This sort of question is largely overlooked by theorists of Cultural Studies, another area of contemporary media studies. They typically emphasize difference and divergence, highlighting the varying, even conflicting ways that audiences or critics interpret a film.
Studying how viewers appropriate a film differently is an important enterprise, but so is studying convergence. Arguably, studying convergence has priority, since the splits and variations often emerge against a background of common reactions. A libertarian can interpret Die Hard as a paean to individual initiative, while a neo-Marxist can interpret it as a skirmish in the class war, but both agree that John and Holly love each other, that her coworker is a weasel, and that in the end John McClane’s defeat of Hans Gruber counts as worthwhile. Both viewers may feel a surge of satisfaction when McClane, told by a terrorist he should have shot sooner, blasts the man and adds, “Thanks for the advice.” What enables two ideologically opposed viewers to agree on so much?
Films aren’t just understood in common; they arouse remarkably similar emotions across cultures. This is a truism, but it’s been too often sidestepped by post-1960 film theory. Who, watching The World of Apu, doesn’t feel sympathy and pity for the hero when he learns of the sudden death of his beloved wife? Perhaps we even register a measure of his despair in the face of this brutal turn of events.
We can follow a suite of emotions flitting across Apu’s face.
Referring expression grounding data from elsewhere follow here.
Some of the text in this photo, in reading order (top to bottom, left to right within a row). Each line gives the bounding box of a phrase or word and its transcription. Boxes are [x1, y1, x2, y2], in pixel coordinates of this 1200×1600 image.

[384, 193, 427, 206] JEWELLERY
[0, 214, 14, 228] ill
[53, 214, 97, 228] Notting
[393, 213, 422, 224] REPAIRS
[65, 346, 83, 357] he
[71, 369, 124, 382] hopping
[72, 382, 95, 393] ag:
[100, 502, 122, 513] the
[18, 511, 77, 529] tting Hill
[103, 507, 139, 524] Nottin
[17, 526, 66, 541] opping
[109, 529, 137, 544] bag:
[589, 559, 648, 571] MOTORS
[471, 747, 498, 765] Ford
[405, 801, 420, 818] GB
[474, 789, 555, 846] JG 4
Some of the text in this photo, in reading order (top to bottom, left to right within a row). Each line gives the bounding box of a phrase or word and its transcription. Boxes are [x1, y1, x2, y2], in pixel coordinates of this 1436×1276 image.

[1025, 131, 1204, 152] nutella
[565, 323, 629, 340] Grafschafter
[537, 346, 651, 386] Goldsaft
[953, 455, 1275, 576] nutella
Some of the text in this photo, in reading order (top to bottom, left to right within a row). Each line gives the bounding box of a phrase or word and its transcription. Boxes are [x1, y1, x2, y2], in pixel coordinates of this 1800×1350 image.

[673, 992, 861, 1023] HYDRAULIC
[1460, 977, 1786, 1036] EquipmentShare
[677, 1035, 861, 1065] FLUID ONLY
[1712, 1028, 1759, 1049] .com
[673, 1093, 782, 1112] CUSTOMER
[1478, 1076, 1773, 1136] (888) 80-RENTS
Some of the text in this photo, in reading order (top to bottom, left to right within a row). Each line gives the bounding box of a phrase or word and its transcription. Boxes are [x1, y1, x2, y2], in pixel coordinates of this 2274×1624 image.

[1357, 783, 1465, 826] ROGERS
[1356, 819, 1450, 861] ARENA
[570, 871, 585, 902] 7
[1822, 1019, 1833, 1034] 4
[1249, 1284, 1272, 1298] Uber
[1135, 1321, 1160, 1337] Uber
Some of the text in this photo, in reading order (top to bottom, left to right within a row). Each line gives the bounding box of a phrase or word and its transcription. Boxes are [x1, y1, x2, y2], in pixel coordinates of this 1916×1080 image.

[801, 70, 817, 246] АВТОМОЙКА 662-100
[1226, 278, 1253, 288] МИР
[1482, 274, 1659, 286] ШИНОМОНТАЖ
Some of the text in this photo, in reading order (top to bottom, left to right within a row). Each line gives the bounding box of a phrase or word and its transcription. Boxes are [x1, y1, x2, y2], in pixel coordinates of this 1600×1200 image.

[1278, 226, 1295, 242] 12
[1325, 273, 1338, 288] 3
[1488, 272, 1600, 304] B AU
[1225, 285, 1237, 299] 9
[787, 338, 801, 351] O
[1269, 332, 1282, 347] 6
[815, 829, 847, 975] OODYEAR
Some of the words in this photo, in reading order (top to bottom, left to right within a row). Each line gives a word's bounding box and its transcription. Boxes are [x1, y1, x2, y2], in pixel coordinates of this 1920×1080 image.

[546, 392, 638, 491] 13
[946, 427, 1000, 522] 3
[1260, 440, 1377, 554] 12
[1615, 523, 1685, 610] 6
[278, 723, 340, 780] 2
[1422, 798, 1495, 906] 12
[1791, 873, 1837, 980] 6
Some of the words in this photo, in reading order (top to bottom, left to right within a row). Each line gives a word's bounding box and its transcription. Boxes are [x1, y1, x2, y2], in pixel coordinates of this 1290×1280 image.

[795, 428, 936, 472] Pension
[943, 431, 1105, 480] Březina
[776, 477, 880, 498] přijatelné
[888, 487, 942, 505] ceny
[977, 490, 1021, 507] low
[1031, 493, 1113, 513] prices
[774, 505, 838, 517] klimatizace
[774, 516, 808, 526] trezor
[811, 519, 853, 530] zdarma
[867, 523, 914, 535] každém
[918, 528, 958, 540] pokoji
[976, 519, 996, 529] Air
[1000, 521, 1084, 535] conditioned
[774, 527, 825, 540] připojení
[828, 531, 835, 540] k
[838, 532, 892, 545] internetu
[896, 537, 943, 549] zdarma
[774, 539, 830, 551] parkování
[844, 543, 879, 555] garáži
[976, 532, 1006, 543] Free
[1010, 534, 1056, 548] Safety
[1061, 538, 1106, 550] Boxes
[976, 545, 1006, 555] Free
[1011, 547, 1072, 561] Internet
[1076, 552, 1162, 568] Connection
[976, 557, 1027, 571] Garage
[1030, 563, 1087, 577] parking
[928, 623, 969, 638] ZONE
I doubt that words are adequate to capture them.
Are these facial expressions signs that we read, like the instructions printed on a prescription bottle? Surely something deeper is involved in responding to them—for want of a better word, fellow-feeling. Indians’ marriage customs and attitudes toward death may be quite different from those of viewers in other countries, but that fact doesn’t suppress a burst of spontaneous sympathy toward the film’s hero. We are different, but we also share a lot.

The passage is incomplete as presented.